Les ménages n'ont plus été aussi optimistes depuis 2010 (Seco)

Le moral des ménages en Suisse n'a jamais été aussi bon depuis les 11 dernières années grâce ...
Les ménages n'ont plus été aussi optimistes depuis 2010 (Seco)

Les ménages n'ont plus été aussi optimistes depuis 2010 (Seco)

Photo: KEYSTONE/ANTHONY ANEX

Le moral des ménages en Suisse n'a jamais été aussi bon depuis les 11 dernières années grâce essentiellement à l'amélioration en juillet des attentes sur l'évolution générale de la conjoncture.

L'indice du climat de consommation, établi par le Secrétariat d'Etat à l'économie (Seco), est ainsi passé à 8 points en juillet, niveau auquel il n'était plus parvenu depuis l'été 2010. Il dépasse ainsi largement sa moyenne à long terme (-5 points). Lors du dernier pointage en avril, ce baromètre s'était inscrit à -7,1 points.

Sur l'ensemble du troisième trimestre, la confiance des consommateurs s'est établie à 7,8 points, contre -6,5 au trimestre précédent, selon le communiqué paru mardi.

L'enquête réalisée par le Seco montre que jamais depuis qu'il est mesuré, en 1972, le sous-indice prenant le pouls attendu du développement économique n'est ressorti aussi fort, à 48 points. Les ménages helvétiques sont aussi plus confiants sur l'évolution attendue du chômage, l'indice en question étant retombé légèrement en-dessous du niveau précédant la crise pandémique, à 29 points.

Quant au sous-indice analysant la situation financière attendue des ménages, à 3 points, il indique clairement que ces derniers devraient bénéficier de l'embellie de la conjoncture, précise le communiqué.

Mais certains points négatifs demeurent, poursuivent les experts du Seco.

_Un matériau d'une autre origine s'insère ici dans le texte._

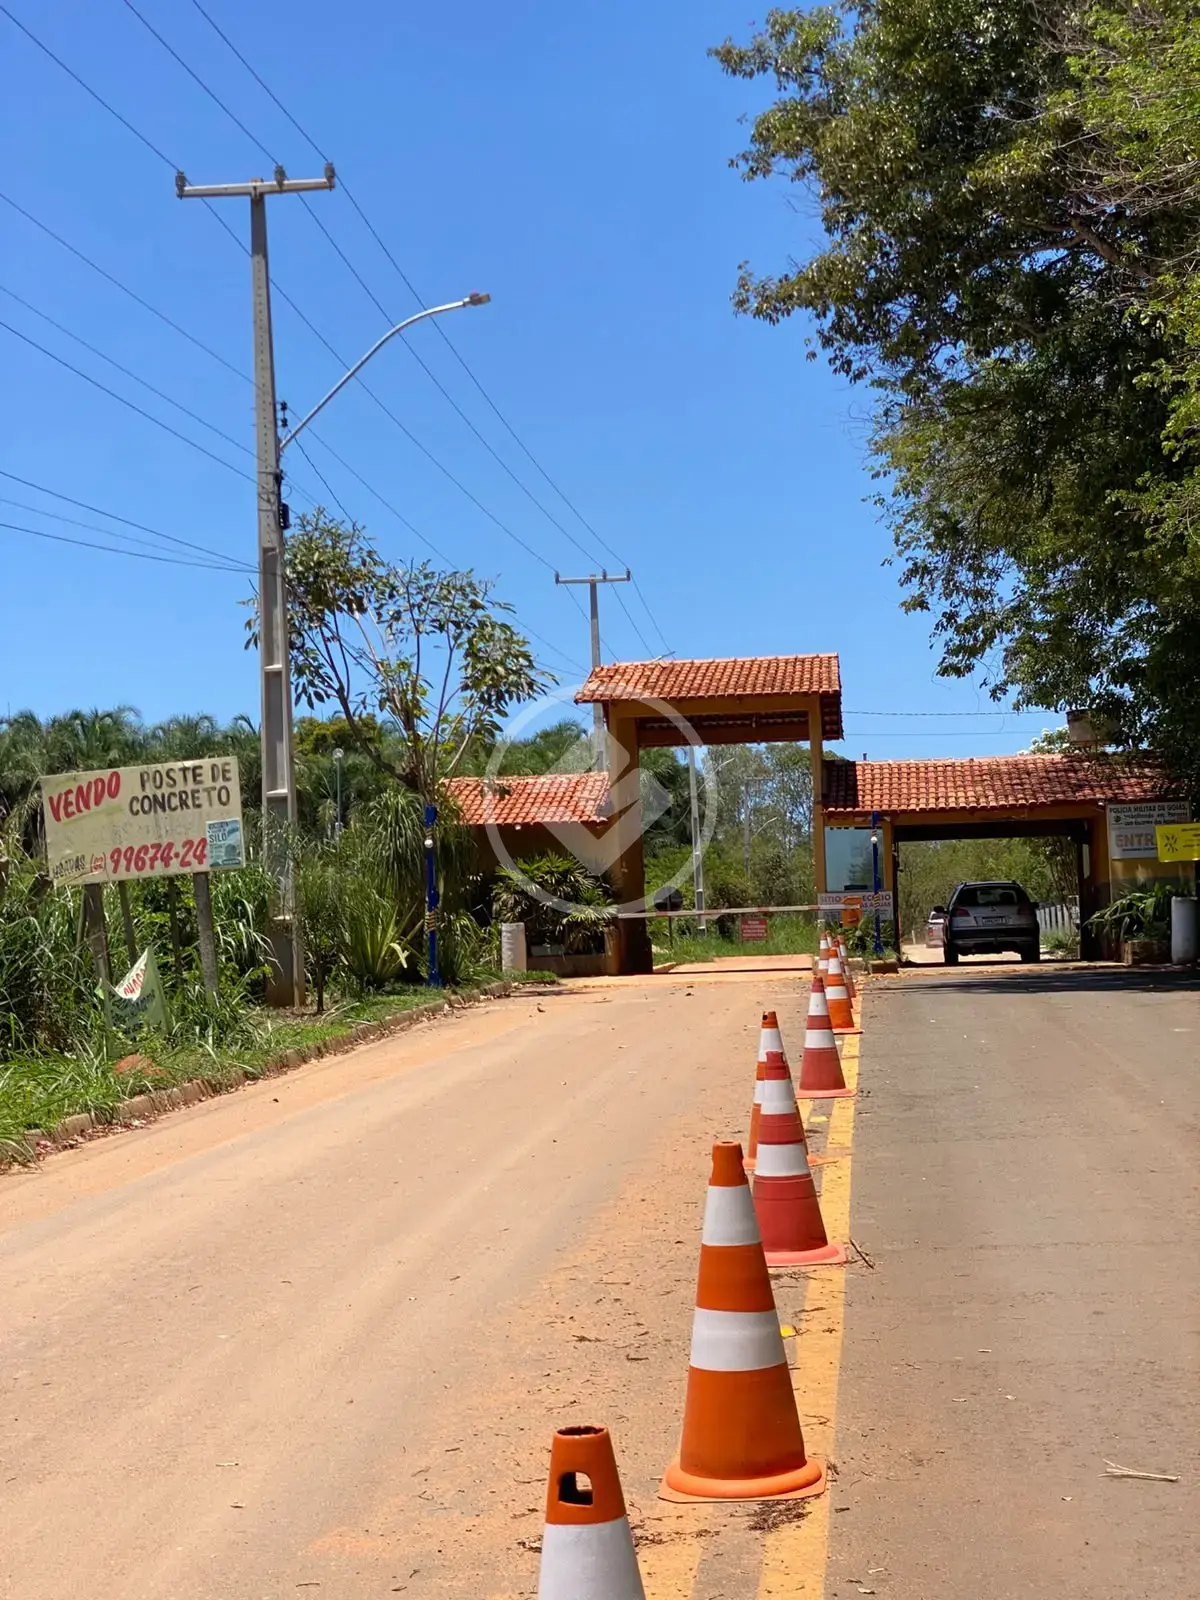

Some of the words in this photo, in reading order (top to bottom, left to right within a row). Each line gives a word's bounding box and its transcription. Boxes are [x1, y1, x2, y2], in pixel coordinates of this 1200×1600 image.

[140, 765, 203, 792] POSTE
[211, 762, 232, 783] DE
[48, 771, 121, 822] VENDO
[129, 785, 230, 816] CONCRETO
[209, 832, 227, 843] SILO
[1116, 833, 1156, 848] ENTR
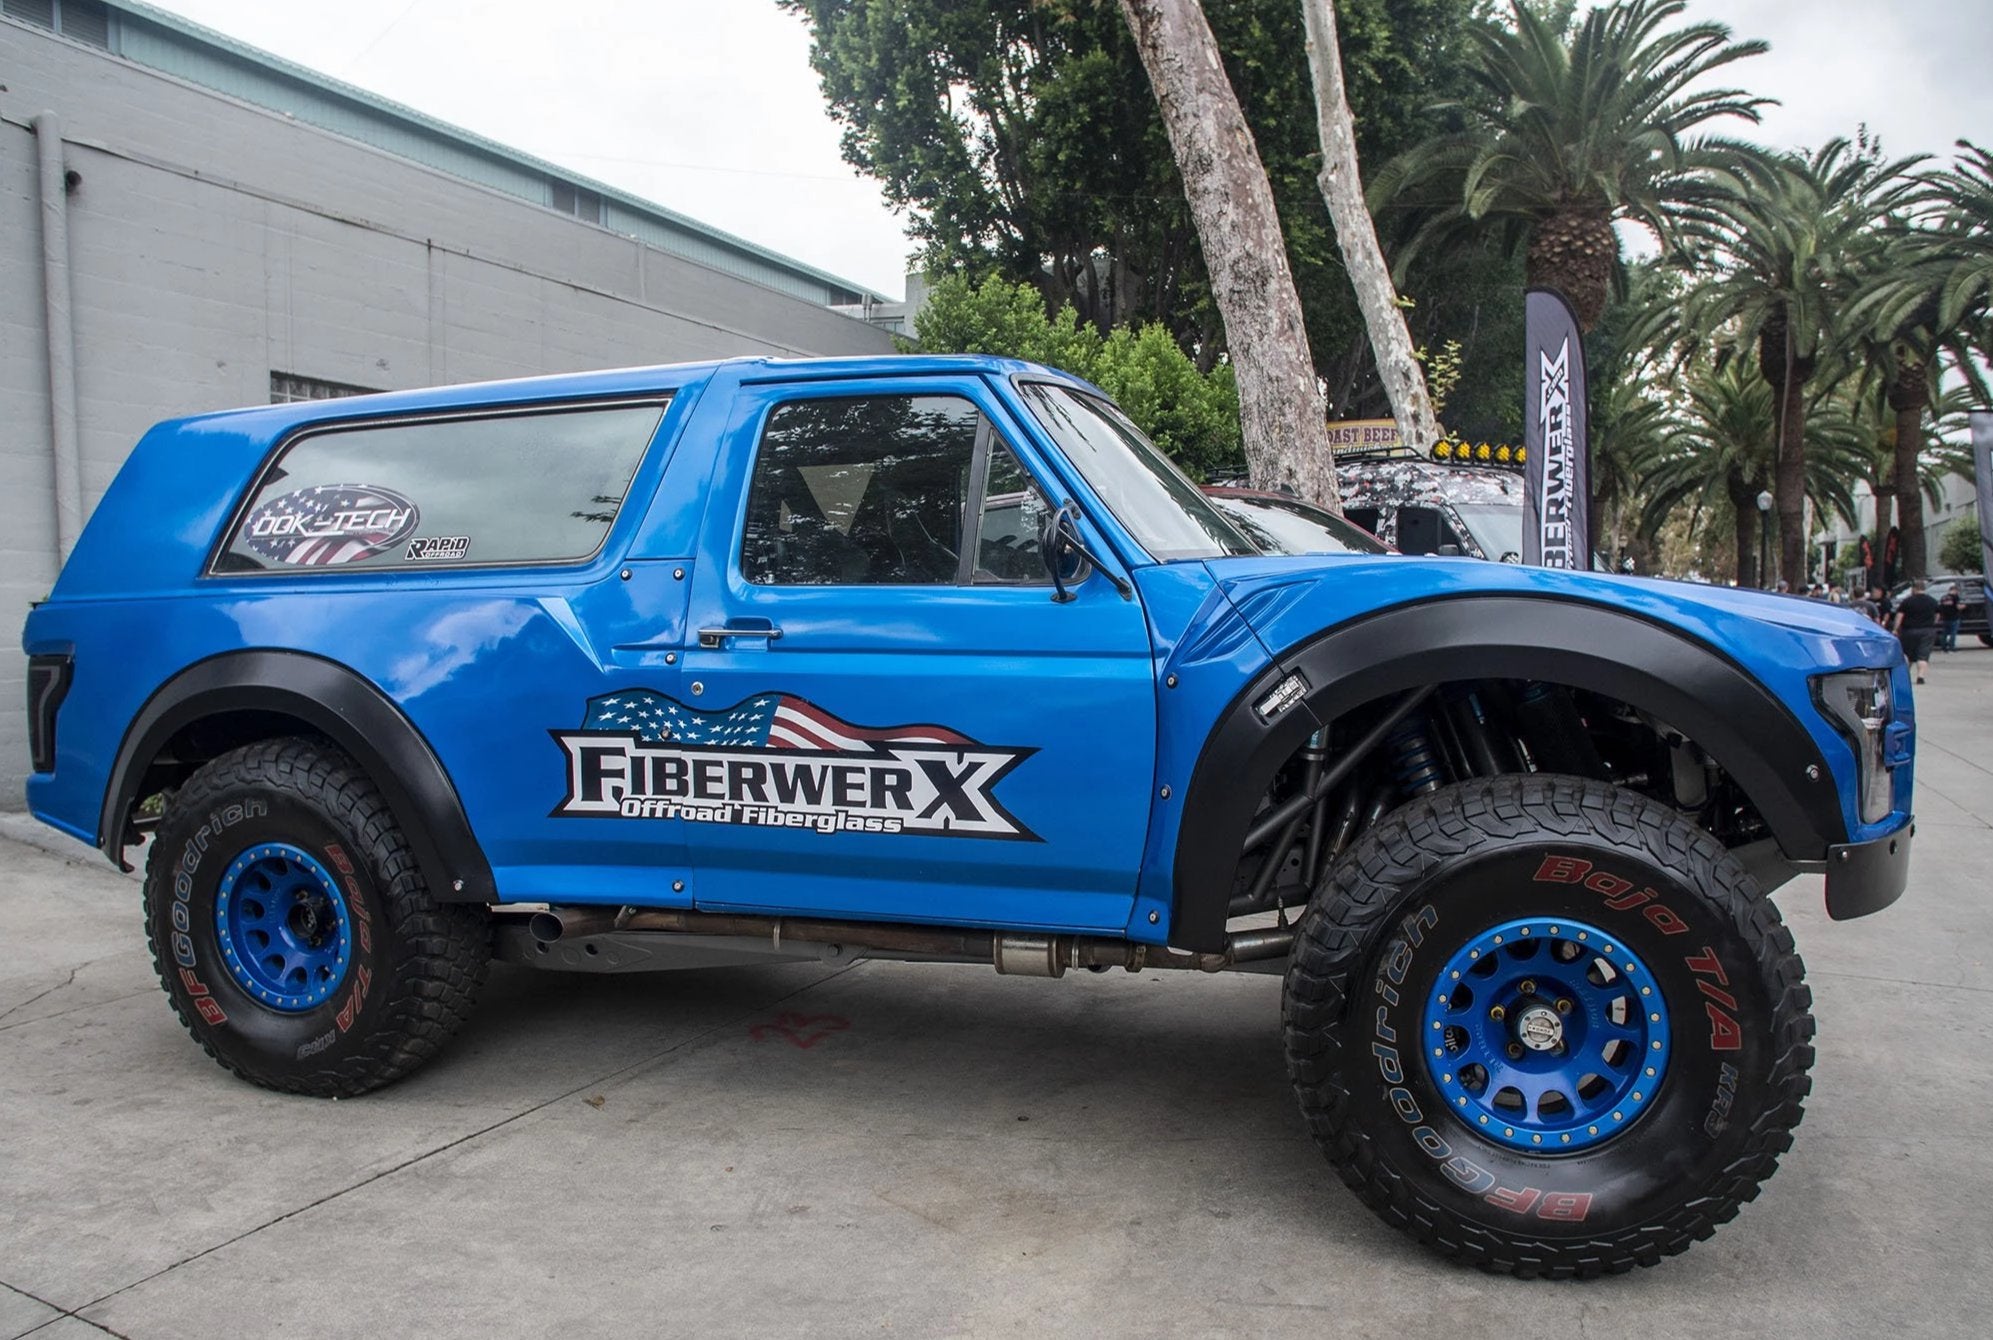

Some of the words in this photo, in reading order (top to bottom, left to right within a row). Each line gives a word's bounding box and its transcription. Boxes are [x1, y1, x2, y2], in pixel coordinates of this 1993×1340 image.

Ils concernent tous la situation présente de l'économie, avec en particulier la sécurité de l'emploi: l'indice en la matière témoigne d'une embellie, mais il est resté cantonné à un niveau bien inférieur à sa moyenne pluriannuelle. Il en va de même pour l'évaluation de la situation financière ces derniers mois,

Parallèlement, l'évolution des prix pèse sur le budget des ménages. Avec la remontée de l'inflation, l'évolution passée et future des prix est jugée nettement plus élevée. En conséquence, la propension à consommer reste limitée, les ménages ayant estimé que le moment était à peine plus favorable qu'il y a trois mois pour réaliser de gros achats, note le Seco.